"""

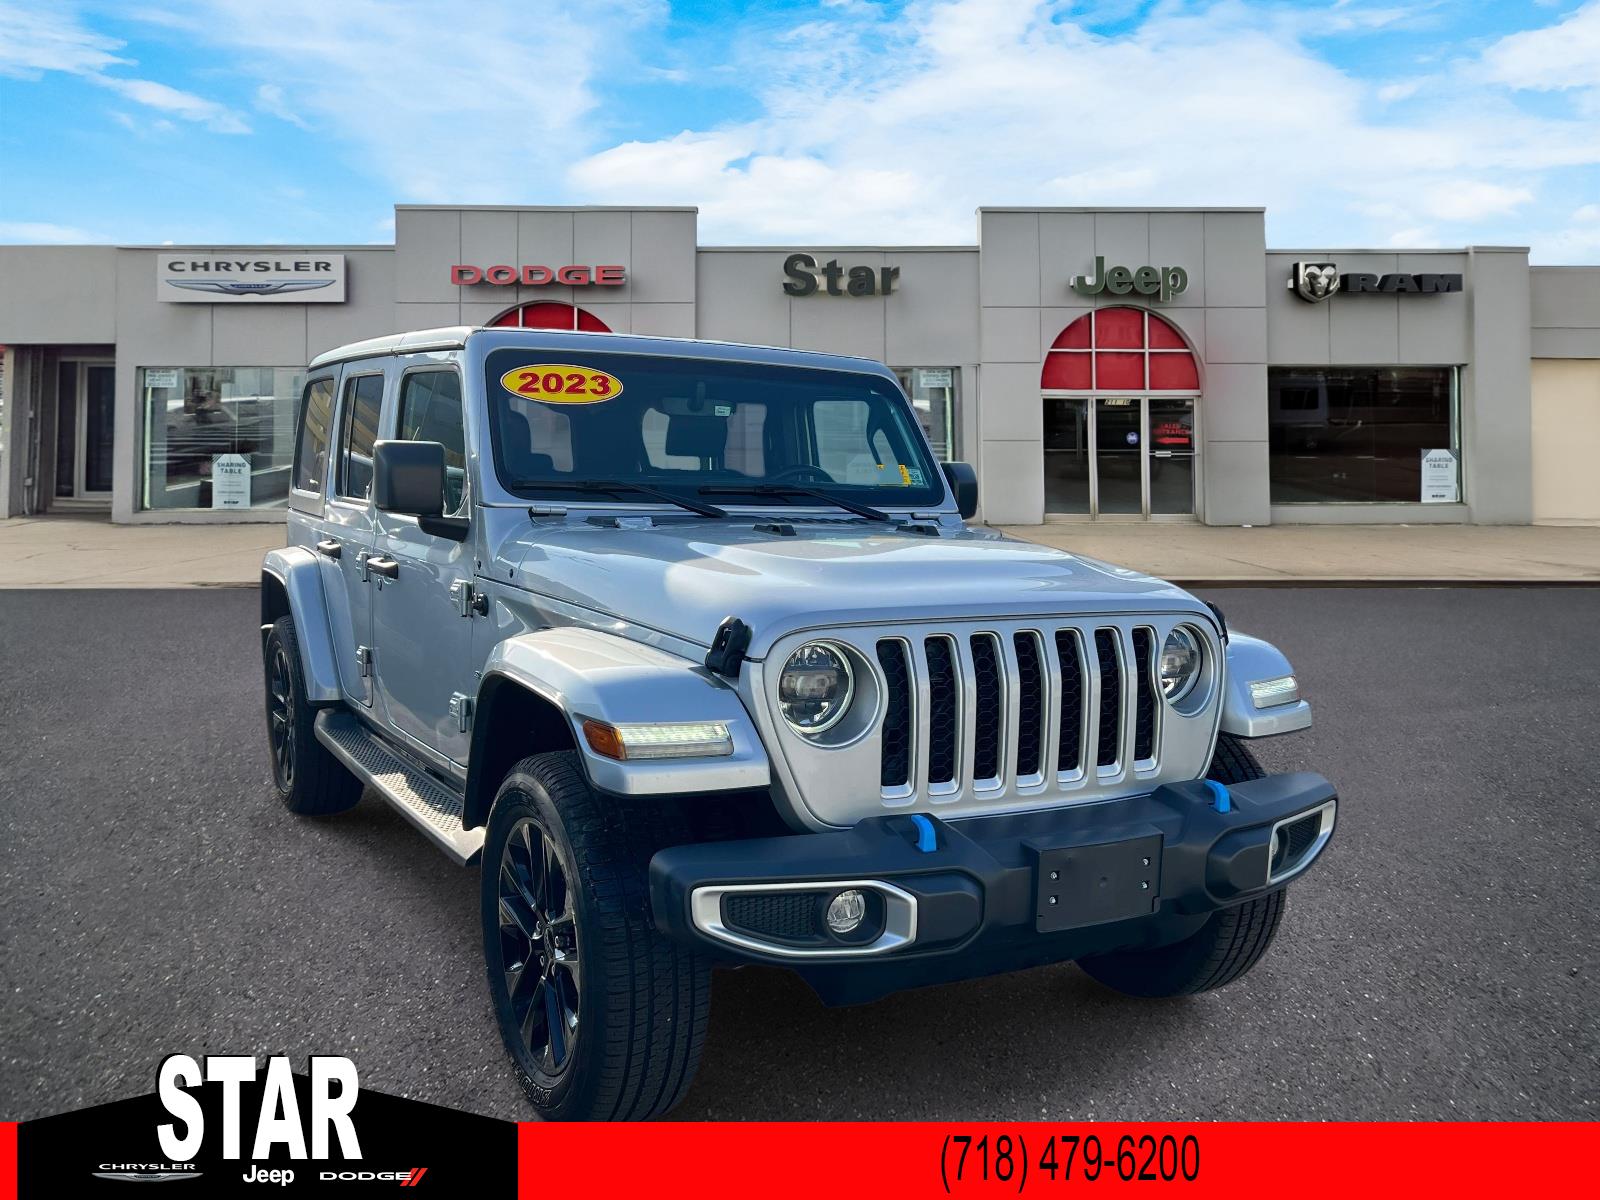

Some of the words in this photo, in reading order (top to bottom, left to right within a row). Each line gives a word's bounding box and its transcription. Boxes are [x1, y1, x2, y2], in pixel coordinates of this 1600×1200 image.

[168, 261, 332, 272] CHRYSLER
[451, 265, 627, 285] DODGE
[783, 253, 900, 297] Star
[1070, 256, 1188, 301] Jeep
[1340, 273, 1463, 292] RAM
[517, 372, 612, 396] 2023
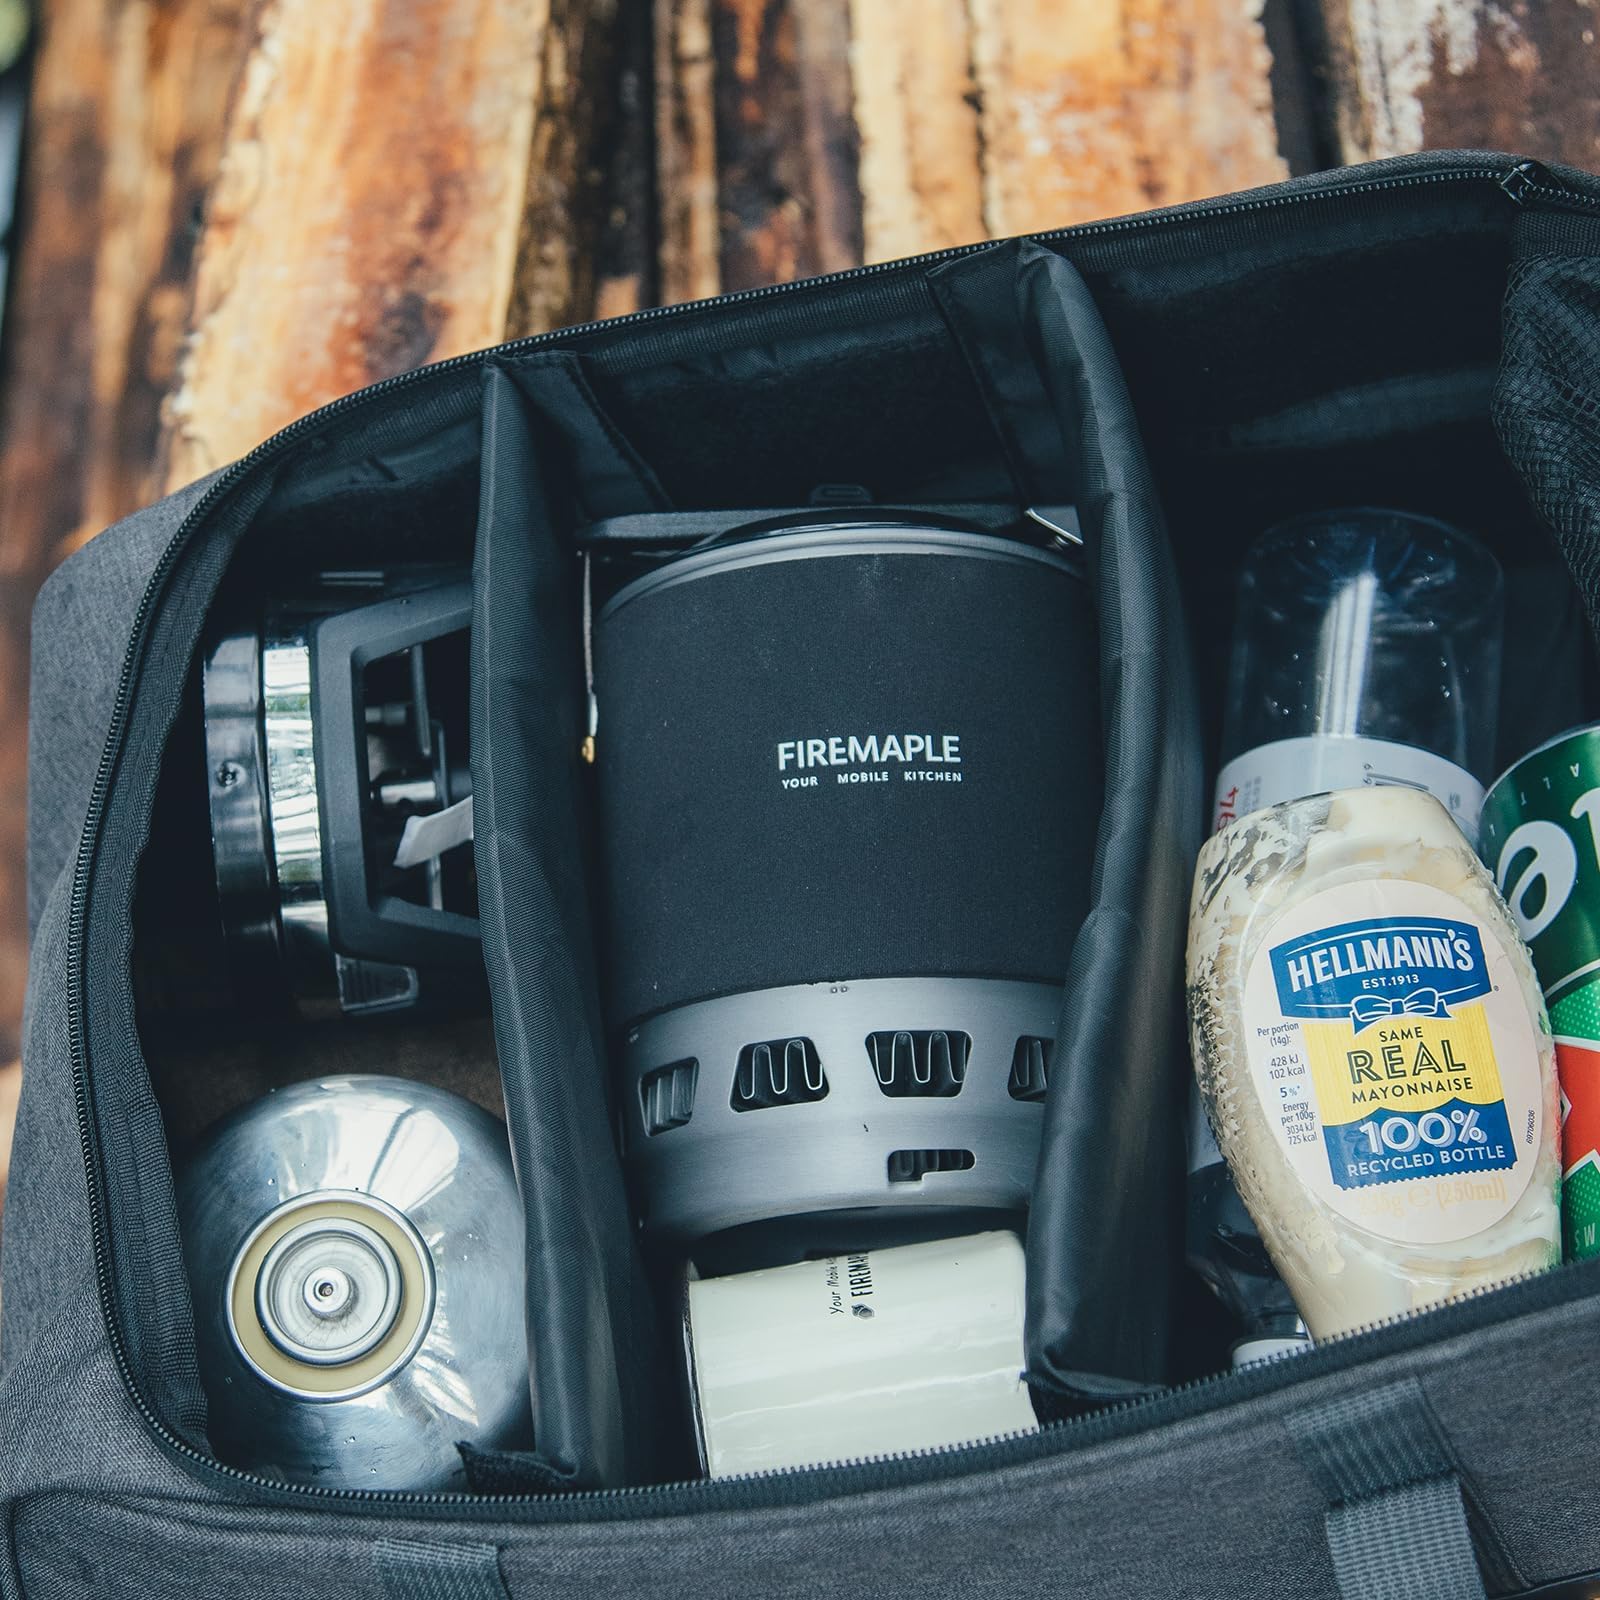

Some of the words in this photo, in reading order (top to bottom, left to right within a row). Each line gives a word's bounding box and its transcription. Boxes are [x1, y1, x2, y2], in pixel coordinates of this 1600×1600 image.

[777, 734, 962, 771] FIREMAPLE
[781, 776, 819, 789] YOUR
[837, 771, 889, 784] MOBILE
[904, 771, 962, 782] KITCHEN
[1287, 929, 1474, 993] HELLMANN'S
[1361, 974, 1420, 990] EST.1913
[1257, 1027, 1270, 1037] Per
[1271, 1022, 1299, 1036] portion
[1379, 1026, 1424, 1043] SAME
[1270, 1056, 1288, 1067] 428
[1289, 1053, 1299, 1064] kJ
[1346, 1039, 1467, 1085] REAL
[1269, 1068, 1286, 1080] 102
[1287, 1064, 1306, 1077] kcal
[1352, 1077, 1474, 1104] MAYONNAISE
[1282, 1101, 1309, 1113] Energy
[1281, 1114, 1294, 1126] per
[1286, 1124, 1304, 1136] 3034
[1288, 1136, 1302, 1145] 725
[1302, 1132, 1318, 1143] kcal
[1359, 1108, 1488, 1155] 100%
[1347, 1153, 1435, 1177] RECYCLED
[1439, 1145, 1506, 1164] BOTTLE
[829, 1291, 845, 1314] Your
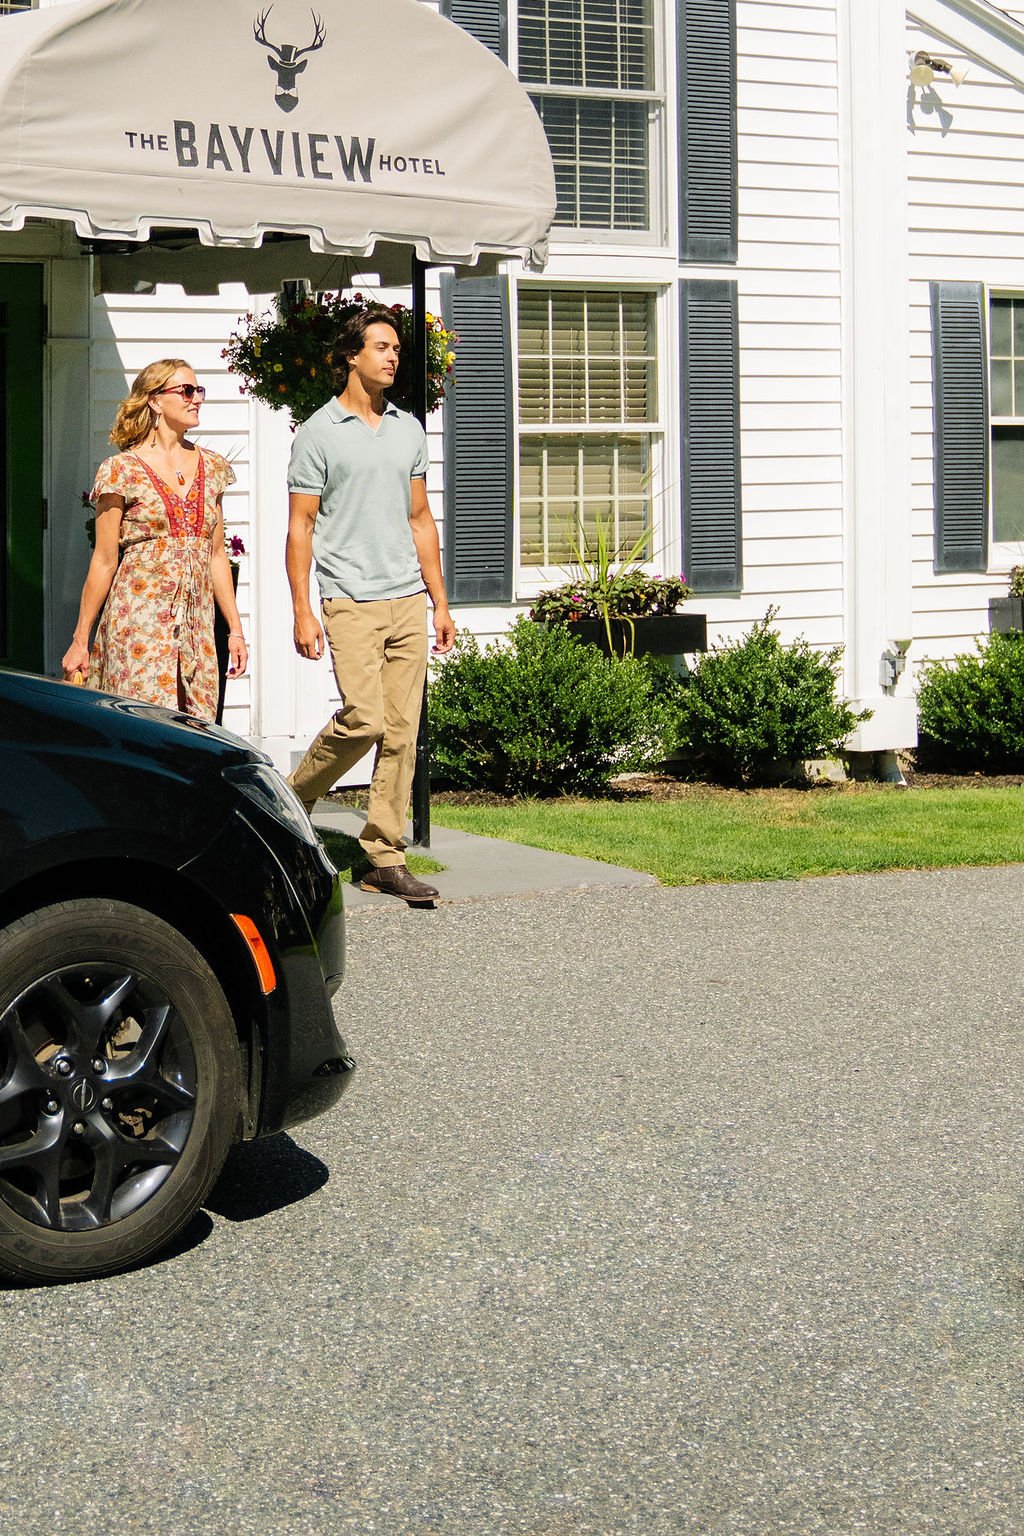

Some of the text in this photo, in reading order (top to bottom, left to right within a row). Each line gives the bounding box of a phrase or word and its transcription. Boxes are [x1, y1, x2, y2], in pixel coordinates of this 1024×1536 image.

"""

# [Problem to solve]
Give back the full listing above word for word, and let no picture through.

# [Answer for the task]
Some of the words in this photo, in reading order (top to bottom, left to right within a row). Each line gives a word's bounding box and its transcription. Boxes are [x1, y1, x2, y2], in pixel coordinates of this 1600×1200 image.

[168, 261, 332, 272] CHRYSLER
[451, 265, 627, 285] DODGE
[783, 253, 900, 297] Star
[1070, 256, 1188, 301] Jeep
[1340, 273, 1463, 292] RAM
[517, 372, 612, 396] 2023

Some of the words in this photo, in reading order (top to bottom, left to right within a row). Each line gives a word's bounding box and its transcription. Boxes are [x1, y1, x2, y2], in pixel coordinates of this 1600×1600 image.

[777, 734, 962, 771] FIREMAPLE
[781, 776, 819, 789] YOUR
[837, 771, 889, 784] MOBILE
[904, 771, 962, 782] KITCHEN
[1287, 929, 1474, 993] HELLMANN'S
[1361, 974, 1420, 990] EST.1913
[1257, 1027, 1270, 1037] Per
[1271, 1022, 1299, 1036] portion
[1379, 1026, 1424, 1043] SAME
[1270, 1056, 1288, 1067] 428
[1289, 1053, 1299, 1064] kJ
[1346, 1039, 1467, 1085] REAL
[1269, 1068, 1286, 1080] 102
[1287, 1064, 1306, 1077] kcal
[1352, 1077, 1474, 1104] MAYONNAISE
[1282, 1101, 1309, 1113] Energy
[1281, 1114, 1294, 1126] per
[1286, 1124, 1304, 1136] 3034
[1288, 1136, 1302, 1145] 725
[1302, 1132, 1318, 1143] kcal
[1359, 1108, 1488, 1155] 100%
[1347, 1153, 1435, 1177] RECYCLED
[1439, 1145, 1506, 1164] BOTTLE
[829, 1291, 845, 1314] Your

Some of the text in this photo, in reading order (top to bottom, left to right within a row). Each line gives the bounding box of a phrase or word and its transcription. Boxes are [x1, y1, x2, y2], in pixel coordinates of this 1024×1536 image.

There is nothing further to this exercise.